**Prompt**
In full and without change, return each entry.

(Provided entries begins)

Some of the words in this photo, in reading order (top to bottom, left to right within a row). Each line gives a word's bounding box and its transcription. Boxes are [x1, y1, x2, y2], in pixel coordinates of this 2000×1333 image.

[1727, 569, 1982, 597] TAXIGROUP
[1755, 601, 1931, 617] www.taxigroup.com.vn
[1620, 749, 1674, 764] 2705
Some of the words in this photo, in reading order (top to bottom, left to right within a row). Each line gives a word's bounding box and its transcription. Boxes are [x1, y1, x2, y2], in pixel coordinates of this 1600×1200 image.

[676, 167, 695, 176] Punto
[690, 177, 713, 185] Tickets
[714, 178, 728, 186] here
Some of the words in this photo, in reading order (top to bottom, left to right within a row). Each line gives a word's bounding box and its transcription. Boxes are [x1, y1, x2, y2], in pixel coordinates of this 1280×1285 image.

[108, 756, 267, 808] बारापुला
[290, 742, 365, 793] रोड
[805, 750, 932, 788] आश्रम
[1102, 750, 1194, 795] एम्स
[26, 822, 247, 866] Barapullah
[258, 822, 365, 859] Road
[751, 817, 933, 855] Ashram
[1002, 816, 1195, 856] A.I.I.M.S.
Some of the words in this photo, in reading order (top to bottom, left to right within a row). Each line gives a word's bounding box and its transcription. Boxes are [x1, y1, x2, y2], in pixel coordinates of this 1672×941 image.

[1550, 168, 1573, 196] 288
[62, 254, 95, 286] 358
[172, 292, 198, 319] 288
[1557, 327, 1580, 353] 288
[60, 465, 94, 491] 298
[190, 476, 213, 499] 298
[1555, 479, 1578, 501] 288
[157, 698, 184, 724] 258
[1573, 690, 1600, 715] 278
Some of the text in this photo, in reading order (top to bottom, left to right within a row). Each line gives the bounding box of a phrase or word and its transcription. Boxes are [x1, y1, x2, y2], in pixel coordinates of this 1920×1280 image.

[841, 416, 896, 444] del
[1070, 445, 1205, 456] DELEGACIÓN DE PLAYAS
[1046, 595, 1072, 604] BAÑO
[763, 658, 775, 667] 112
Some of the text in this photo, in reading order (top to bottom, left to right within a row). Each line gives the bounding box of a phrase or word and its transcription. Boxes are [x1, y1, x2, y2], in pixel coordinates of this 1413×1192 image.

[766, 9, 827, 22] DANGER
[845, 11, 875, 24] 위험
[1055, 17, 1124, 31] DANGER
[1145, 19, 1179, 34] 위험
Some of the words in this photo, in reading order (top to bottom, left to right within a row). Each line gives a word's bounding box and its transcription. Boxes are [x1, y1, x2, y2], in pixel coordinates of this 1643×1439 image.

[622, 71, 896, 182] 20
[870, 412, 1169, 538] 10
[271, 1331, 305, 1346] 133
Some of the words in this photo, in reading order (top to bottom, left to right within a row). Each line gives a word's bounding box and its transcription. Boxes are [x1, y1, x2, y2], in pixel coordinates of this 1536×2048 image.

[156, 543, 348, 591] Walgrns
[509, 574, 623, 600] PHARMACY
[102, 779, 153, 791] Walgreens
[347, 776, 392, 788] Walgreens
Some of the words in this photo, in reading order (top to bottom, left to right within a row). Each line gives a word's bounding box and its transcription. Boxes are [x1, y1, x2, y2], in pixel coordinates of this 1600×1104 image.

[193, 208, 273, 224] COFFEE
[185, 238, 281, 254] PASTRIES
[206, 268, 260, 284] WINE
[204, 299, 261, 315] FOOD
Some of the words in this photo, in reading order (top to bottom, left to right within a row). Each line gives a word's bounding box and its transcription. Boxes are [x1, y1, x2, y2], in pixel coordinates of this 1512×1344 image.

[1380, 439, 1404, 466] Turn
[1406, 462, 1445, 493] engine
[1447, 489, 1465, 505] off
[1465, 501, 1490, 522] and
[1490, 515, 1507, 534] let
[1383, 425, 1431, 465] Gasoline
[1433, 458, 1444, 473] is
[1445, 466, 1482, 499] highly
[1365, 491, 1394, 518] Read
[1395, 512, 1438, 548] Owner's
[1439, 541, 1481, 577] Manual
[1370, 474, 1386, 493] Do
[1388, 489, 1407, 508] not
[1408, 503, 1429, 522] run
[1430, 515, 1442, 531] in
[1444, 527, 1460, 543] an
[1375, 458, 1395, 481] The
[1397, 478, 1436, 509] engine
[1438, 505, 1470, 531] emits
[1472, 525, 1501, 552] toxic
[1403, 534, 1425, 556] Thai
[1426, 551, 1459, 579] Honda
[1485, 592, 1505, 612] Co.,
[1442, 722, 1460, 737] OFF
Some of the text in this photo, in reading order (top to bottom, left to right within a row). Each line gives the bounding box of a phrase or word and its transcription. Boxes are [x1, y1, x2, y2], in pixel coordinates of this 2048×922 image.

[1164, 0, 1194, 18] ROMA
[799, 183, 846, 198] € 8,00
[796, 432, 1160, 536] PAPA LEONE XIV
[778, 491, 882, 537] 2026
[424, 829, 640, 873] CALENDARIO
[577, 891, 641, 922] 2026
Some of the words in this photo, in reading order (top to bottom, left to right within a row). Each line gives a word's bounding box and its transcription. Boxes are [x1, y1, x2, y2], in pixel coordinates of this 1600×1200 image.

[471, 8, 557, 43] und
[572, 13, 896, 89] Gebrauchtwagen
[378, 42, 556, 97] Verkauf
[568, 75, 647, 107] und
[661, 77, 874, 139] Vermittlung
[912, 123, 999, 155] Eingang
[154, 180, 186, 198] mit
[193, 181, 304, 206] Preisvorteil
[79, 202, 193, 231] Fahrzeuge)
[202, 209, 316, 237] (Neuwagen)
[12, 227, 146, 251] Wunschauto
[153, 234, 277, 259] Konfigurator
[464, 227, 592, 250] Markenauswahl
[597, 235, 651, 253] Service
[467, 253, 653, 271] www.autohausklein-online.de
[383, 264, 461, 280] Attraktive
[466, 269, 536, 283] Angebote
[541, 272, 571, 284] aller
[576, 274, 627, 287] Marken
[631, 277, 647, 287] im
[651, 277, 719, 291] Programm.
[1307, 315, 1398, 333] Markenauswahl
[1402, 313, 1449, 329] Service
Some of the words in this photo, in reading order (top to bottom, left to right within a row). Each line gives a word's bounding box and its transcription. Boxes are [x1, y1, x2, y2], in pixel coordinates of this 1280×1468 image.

(Provided entries ends)

**Problem solution**
Some of the words in this photo, in reading order (top to bottom, left to right within a row). Each line gives a word's bounding box and its transcription. Boxes are [x1, y1, x2, y2], in pixel coordinates of this 2000×1333 image.

[1727, 569, 1982, 597] TAXIGROUP
[1755, 601, 1931, 617] www.taxigroup.com.vn
[1620, 749, 1674, 764] 2705
Some of the words in this photo, in reading order (top to bottom, left to right within a row). Each line gives a word's bounding box and its transcription. Boxes are [x1, y1, x2, y2], in pixel coordinates of this 1600×1200 image.

[676, 167, 695, 176] Punto
[690, 177, 713, 185] Tickets
[714, 178, 728, 186] here
Some of the words in this photo, in reading order (top to bottom, left to right within a row). Each line gives a word's bounding box and its transcription. Boxes are [x1, y1, x2, y2], in pixel coordinates of this 1280×1285 image.

[108, 756, 267, 808] बारापुला
[290, 742, 365, 793] रोड
[805, 750, 932, 788] आश्रम
[1102, 750, 1194, 795] एम्स
[26, 822, 247, 866] Barapullah
[258, 822, 365, 859] Road
[751, 817, 933, 855] Ashram
[1002, 816, 1195, 856] A.I.I.M.S.
Some of the words in this photo, in reading order (top to bottom, left to right within a row). Each line gives a word's bounding box and its transcription. Boxes are [x1, y1, x2, y2], in pixel coordinates of this 1672×941 image.

[1550, 168, 1573, 196] 288
[62, 254, 95, 286] 358
[172, 292, 198, 319] 288
[1557, 327, 1580, 353] 288
[60, 465, 94, 491] 298
[190, 476, 213, 499] 298
[1555, 479, 1578, 501] 288
[157, 698, 184, 724] 258
[1573, 690, 1600, 715] 278
Some of the text in this photo, in reading order (top to bottom, left to right within a row). Each line gives the bounding box of a phrase or word and its transcription. Boxes are [x1, y1, x2, y2], in pixel coordinates of this 1920×1280 image.

[841, 416, 896, 444] del
[1070, 445, 1205, 456] DELEGACIÓN DE PLAYAS
[1046, 595, 1072, 604] BAÑO
[763, 658, 775, 667] 112
Some of the text in this photo, in reading order (top to bottom, left to right within a row). Each line gives the bounding box of a phrase or word and its transcription. Boxes are [x1, y1, x2, y2], in pixel coordinates of this 1413×1192 image.

[766, 9, 827, 22] DANGER
[845, 11, 875, 24] 위험
[1055, 17, 1124, 31] DANGER
[1145, 19, 1179, 34] 위험
Some of the words in this photo, in reading order (top to bottom, left to right within a row). Each line gives a word's bounding box and its transcription. Boxes are [x1, y1, x2, y2], in pixel coordinates of this 1643×1439 image.

[622, 71, 896, 182] 20
[870, 412, 1169, 538] 10
[271, 1331, 305, 1346] 133
Some of the words in this photo, in reading order (top to bottom, left to right within a row). Each line gives a word's bounding box and its transcription. Boxes are [x1, y1, x2, y2], in pixel coordinates of this 1536×2048 image.

[156, 543, 348, 591] Walgrns
[509, 574, 623, 600] PHARMACY
[102, 779, 153, 791] Walgreens
[347, 776, 392, 788] Walgreens
Some of the words in this photo, in reading order (top to bottom, left to right within a row). Each line gives a word's bounding box and its transcription. Boxes are [x1, y1, x2, y2], in pixel coordinates of this 1600×1104 image.

[193, 208, 273, 224] COFFEE
[185, 238, 281, 254] PASTRIES
[206, 268, 260, 284] WINE
[204, 299, 261, 315] FOOD
Some of the words in this photo, in reading order (top to bottom, left to right within a row). Each line gives a word's bounding box and its transcription. Boxes are [x1, y1, x2, y2], in pixel coordinates of this 1512×1344 image.

[1380, 439, 1404, 466] Turn
[1406, 462, 1445, 493] engine
[1447, 489, 1465, 505] off
[1465, 501, 1490, 522] and
[1490, 515, 1507, 534] let
[1383, 425, 1431, 465] Gasoline
[1433, 458, 1444, 473] is
[1445, 466, 1482, 499] highly
[1365, 491, 1394, 518] Read
[1395, 512, 1438, 548] Owner's
[1439, 541, 1481, 577] Manual
[1370, 474, 1386, 493] Do
[1388, 489, 1407, 508] not
[1408, 503, 1429, 522] run
[1430, 515, 1442, 531] in
[1444, 527, 1460, 543] an
[1375, 458, 1395, 481] The
[1397, 478, 1436, 509] engine
[1438, 505, 1470, 531] emits
[1472, 525, 1501, 552] toxic
[1403, 534, 1425, 556] Thai
[1426, 551, 1459, 579] Honda
[1485, 592, 1505, 612] Co.,
[1442, 722, 1460, 737] OFF
Some of the text in this photo, in reading order (top to bottom, left to right within a row). Each line gives the bounding box of a phrase or word and its transcription. Boxes are [x1, y1, x2, y2], in pixel coordinates of this 2048×922 image.

[1164, 0, 1194, 18] ROMA
[799, 183, 846, 198] € 8,00
[796, 432, 1160, 536] PAPA LEONE XIV
[778, 491, 882, 537] 2026
[424, 829, 640, 873] CALENDARIO
[577, 891, 641, 922] 2026
Some of the words in this photo, in reading order (top to bottom, left to right within a row). Each line gives a word's bounding box and its transcription. Boxes are [x1, y1, x2, y2], in pixel coordinates of this 1600×1200 image.

[471, 8, 557, 43] und
[572, 13, 896, 89] Gebrauchtwagen
[378, 42, 556, 97] Verkauf
[568, 75, 647, 107] und
[661, 77, 874, 139] Vermittlung
[912, 123, 999, 155] Eingang
[154, 180, 186, 198] mit
[193, 181, 304, 206] Preisvorteil
[79, 202, 193, 231] Fahrzeuge)
[202, 209, 316, 237] (Neuwagen)
[12, 227, 146, 251] Wunschauto
[153, 234, 277, 259] Konfigurator
[464, 227, 592, 250] Markenauswahl
[597, 235, 651, 253] Service
[467, 253, 653, 271] www.autohausklein-online.de
[383, 264, 461, 280] Attraktive
[466, 269, 536, 283] Angebote
[541, 272, 571, 284] aller
[576, 274, 627, 287] Marken
[631, 277, 647, 287] im
[651, 277, 719, 291] Programm.
[1307, 315, 1398, 333] Markenauswahl
[1402, 313, 1449, 329] Service
Some of the words in this photo, in reading order (top to bottom, left to right within a row). Each line gives a word's bounding box and its transcription. Boxes are [x1, y1, x2, y2], in pixel coordinates of this 1280×1468 image.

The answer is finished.